TOKYO: The Bank of Japan (BoJ) left its ultra-loose monetary policy unchanged on Thursday despite recent yen weakness and moves by other central banks to raise interest rates to fight inflation, although it raised its inflation outlook.
In a widely expected move, Japan’s central bank kept its benchmark short-term interest rates at -0.1% at the end of its two-day policy-making meeting.
The BoJ said it would continue to guide Japanese 10-year government bond yields to around zero percent to support the East Asian country’s economic recovery from the coronavirus pandemic.
“Japan’s economy has resumed a trend, although some weakness has been observed in part, mainly due to the impact of Covid-19 and rising commodity prices,” the central bank said. in his assessment.
Following the policy announcement, the yen, which recently plunged to a 20-year low against the United States, fell near the 130 level, prompting the BoJ to say its recent bond buying fixed-rate state loans would continue “every business day”. This is in order to combat a rise in benchmark 10-year bond yields.
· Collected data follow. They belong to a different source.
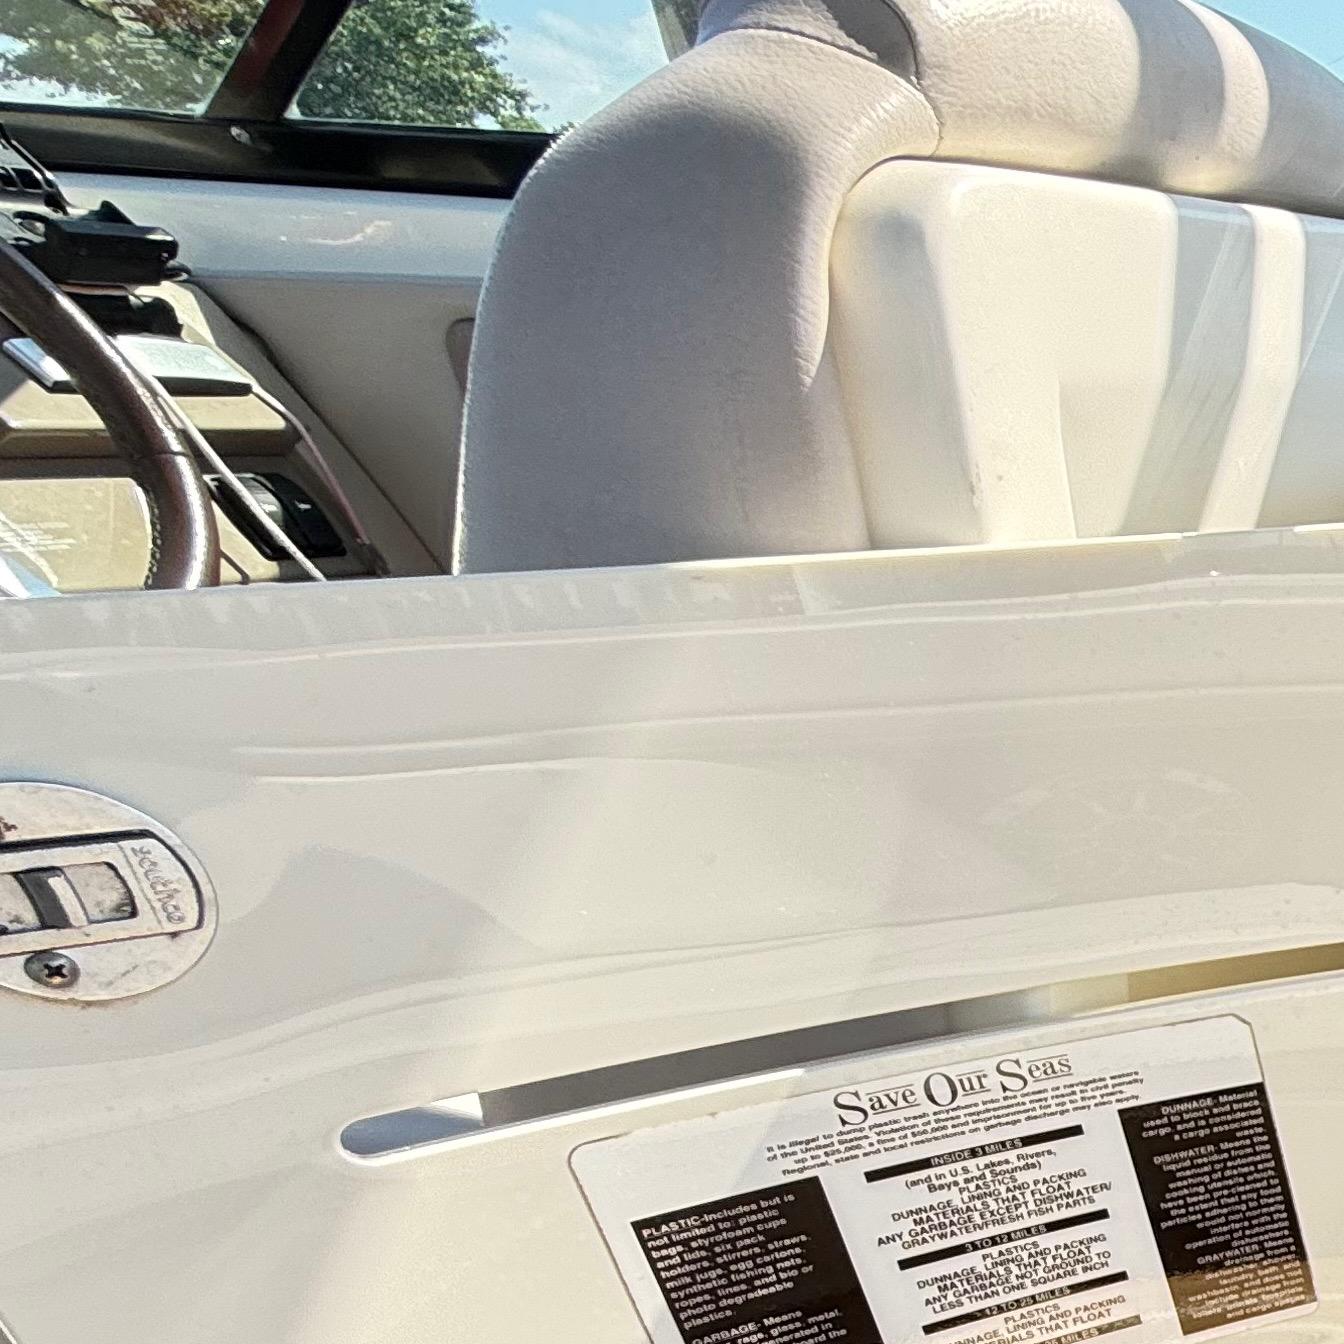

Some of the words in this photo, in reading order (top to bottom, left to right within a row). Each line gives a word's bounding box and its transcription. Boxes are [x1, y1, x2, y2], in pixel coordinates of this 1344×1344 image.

[833, 1084, 919, 1126] Save
[923, 1070, 990, 1107] Our
[995, 1054, 1072, 1093] Seas
[904, 1174, 933, 1189] (and
[933, 1172, 947, 1181] in
[948, 1165, 973, 1178] U.S.
[975, 1158, 1013, 1171] Lakes,
[1015, 1148, 1056, 1162] Rivers,
[930, 1149, 971, 1165] INSIDE
[974, 1147, 983, 1156] 3
[984, 1138, 1022, 1153] MILES
[926, 1179, 960, 1193] Bays
[962, 1171, 987, 1184] and
[988, 1159, 1041, 1180] Sounds)
[957, 1174, 1018, 1195] PLASTICS
[960, 1187, 1001, 1204] LINING
[1005, 1180, 1030, 1194] AND
[1032, 1168, 1086, 1187] PACKING
[759, 1195, 781, 1208] but
[782, 1193, 795, 1202] is
[877, 1231, 903, 1247] ANY
[908, 1214, 974, 1238] GARBAGE
[978, 1200, 1029, 1220] EXCEPT
[1033, 1182, 1111, 1207] DISHWATER/
[912, 1200, 990, 1226] MATERIALS
[992, 1191, 1026, 1207] THAT
[1029, 1180, 1071, 1198] FLOAT
[646, 1235, 670, 1248] not
[670, 1223, 715, 1241] limited
[737, 1209, 779, 1225] plastic
[901, 1212, 1024, 1249] GRAYWATER/FRESH
[1026, 1204, 1054, 1218] FISH
[1055, 1195, 1095, 1211] PARTS
[964, 1242, 973, 1252] 3
[974, 1238, 992, 1248] TO
[994, 1233, 1008, 1243] 12
[1010, 1224, 1046, 1239] MILES
[936, 1266, 1012, 1293] MATERIALS
[1015, 1256, 1047, 1272] THAT
[1051, 1244, 1091, 1262] FLOAT
[981, 1240, 1039, 1262] PLASTICS
[983, 1254, 1024, 1271] LINING
[1027, 1247, 1051, 1260] AND
[1053, 1233, 1106, 1252] PACKING
[924, 1292, 948, 1307] ANY
[952, 1275, 1012, 1298] GARBAGE
[1014, 1268, 1038, 1281] NOT
[1042, 1255, 1093, 1274] GROUND
[1094, 1250, 1111, 1260] TO
[931, 1298, 964, 1314] LESS
[965, 1288, 1000, 1303] THAN
[1001, 1281, 1027, 1294] ONE
[1030, 1267, 1078, 1287] SQUARE
[1080, 1260, 1109, 1273] INCH
[984, 1305, 998, 1315] 12
[1000, 1300, 1017, 1311] TO
[1019, 1296, 1033, 1307] 25
[1034, 1286, 1070, 1301] MILES
[1003, 1302, 1060, 1324] PLASTICS
[1005, 1317, 1045, 1334] LINING
[1048, 1309, 1072, 1322] AND
[1074, 1294, 1126, 1314] PACKING
[1036, 1319, 1068, 1335] THAT
[1071, 1307, 1111, 1326] FLOAT
[1060, 1327, 1098, 1344] MILES
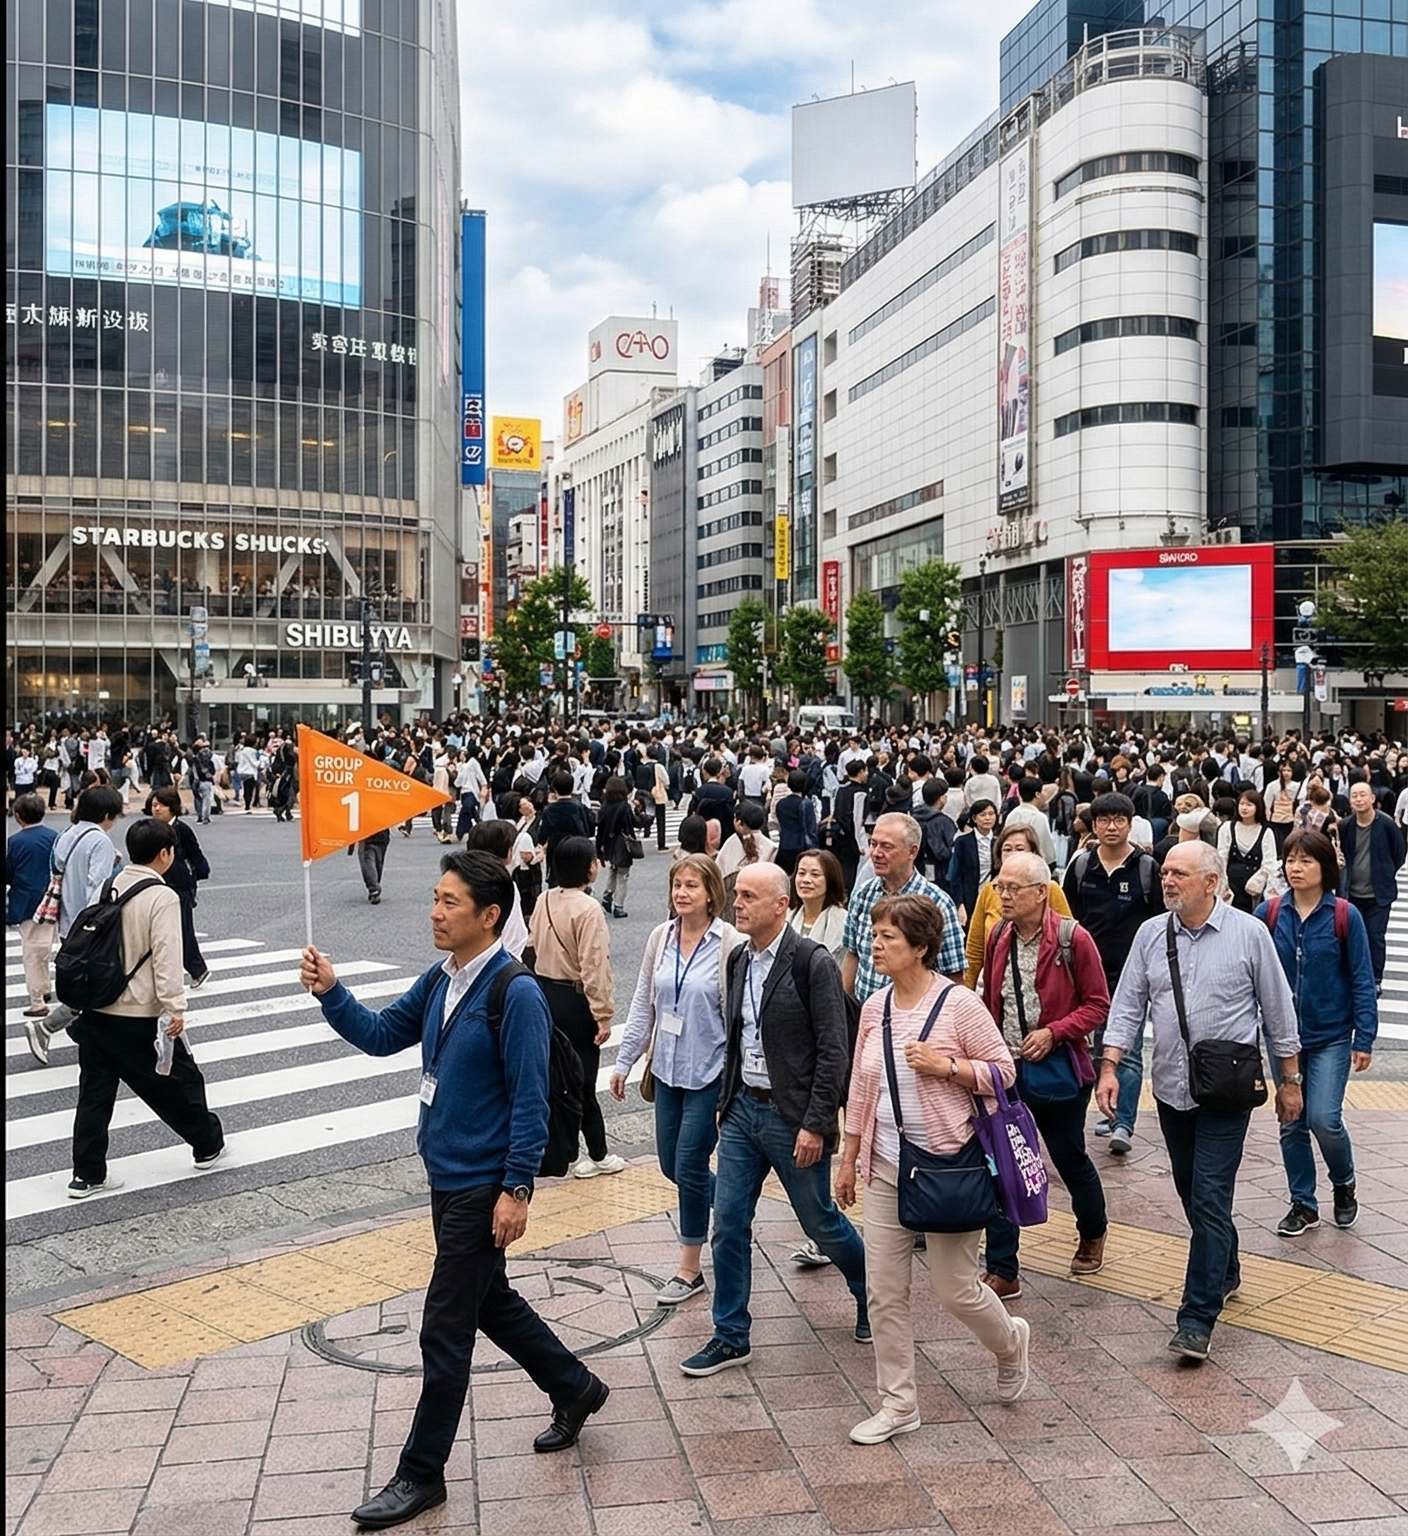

The BoJ’s decision comes as the Federal Reserve is expected to raise its key interest rate again as it continues its aggressive monetary policy measures to rein in rising consumer prices.
The BoJ’s dovish moves are seeing interest rates between the two allies widen, triggering dollar buying and yen weakness, as well as stock market volatility in Tokyo, analysts said.
But the central bank sees the volatility and inflation that U.S. and European central banks are responding to as temporary, though Japan faces similar inflationary pressures, strategists say.
The BoJ’s outlook sees Japan’s consumer price index excluding fresh food rising to a median of 1.9% in fiscal 2022 from a year earlier.
That compares with its previous forecast of a 1.1% increase and moving closer to the bank’s 2% inflation target, set in 2013.